EXERCISE REQUIREMENTS ▸
An exact copy of every entry is required, minus the pictures.

-------- DATA FOR THIS EXERCISE

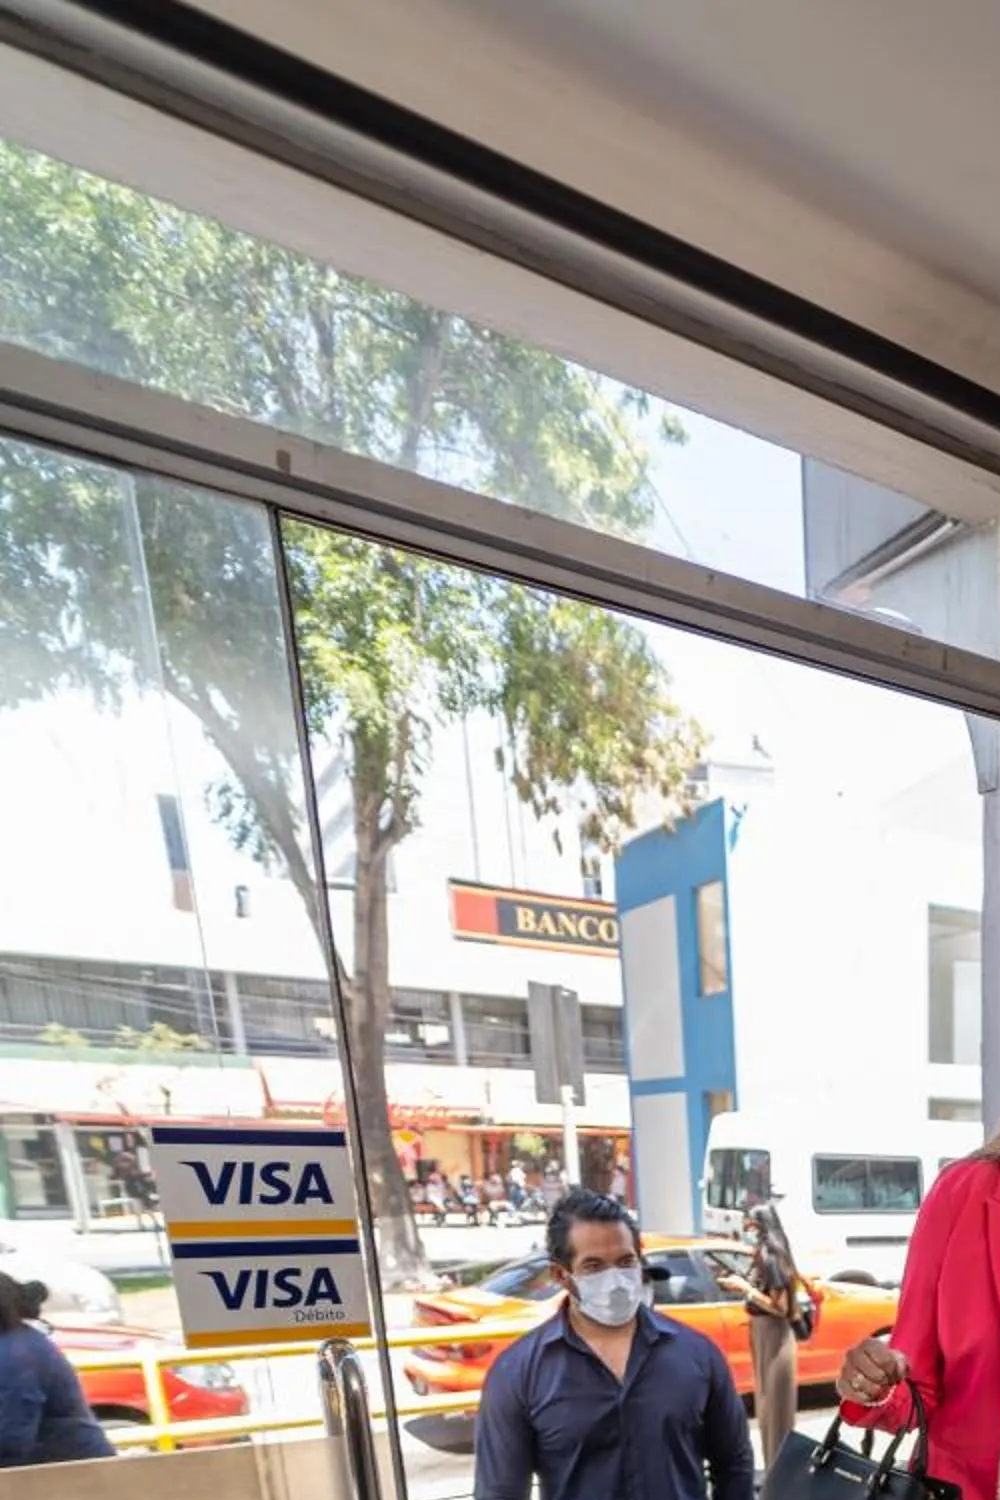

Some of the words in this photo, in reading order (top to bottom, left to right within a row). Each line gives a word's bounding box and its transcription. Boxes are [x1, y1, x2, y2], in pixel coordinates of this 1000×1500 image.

[515, 906, 619, 943] BANCO
[178, 1161, 334, 1205] VISA
[198, 1267, 342, 1310] VISA
[294, 1308, 346, 1323] Débito
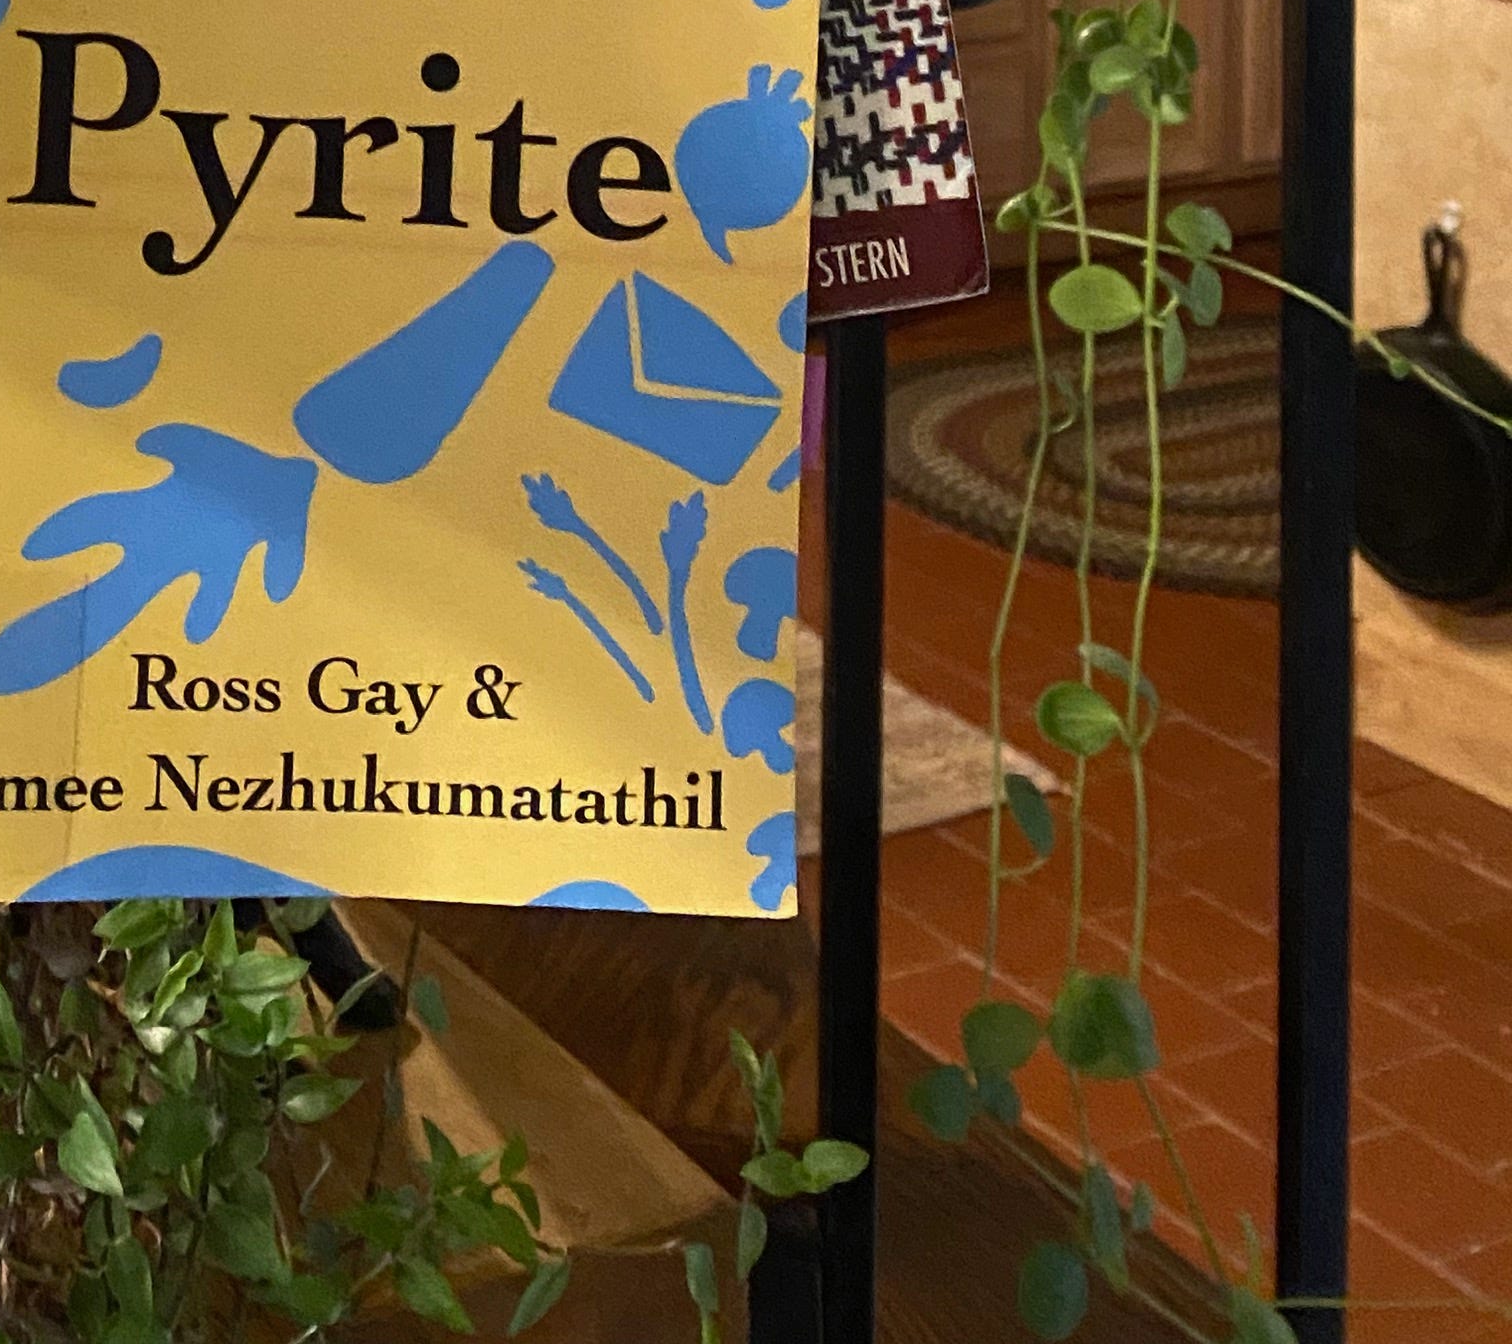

----------------

RESPONSE BELOW ▸
Some of the words in this photo, in reading order (top to bottom, left to right within a row). Each line gives a word's bounding box and its transcription. Boxes are [x1, y1, x2, y2], in pixel coordinates of this 1000×1500 image.

[515, 906, 619, 943] BANCO
[178, 1161, 334, 1205] VISA
[198, 1267, 342, 1310] VISA
[294, 1308, 346, 1323] Débito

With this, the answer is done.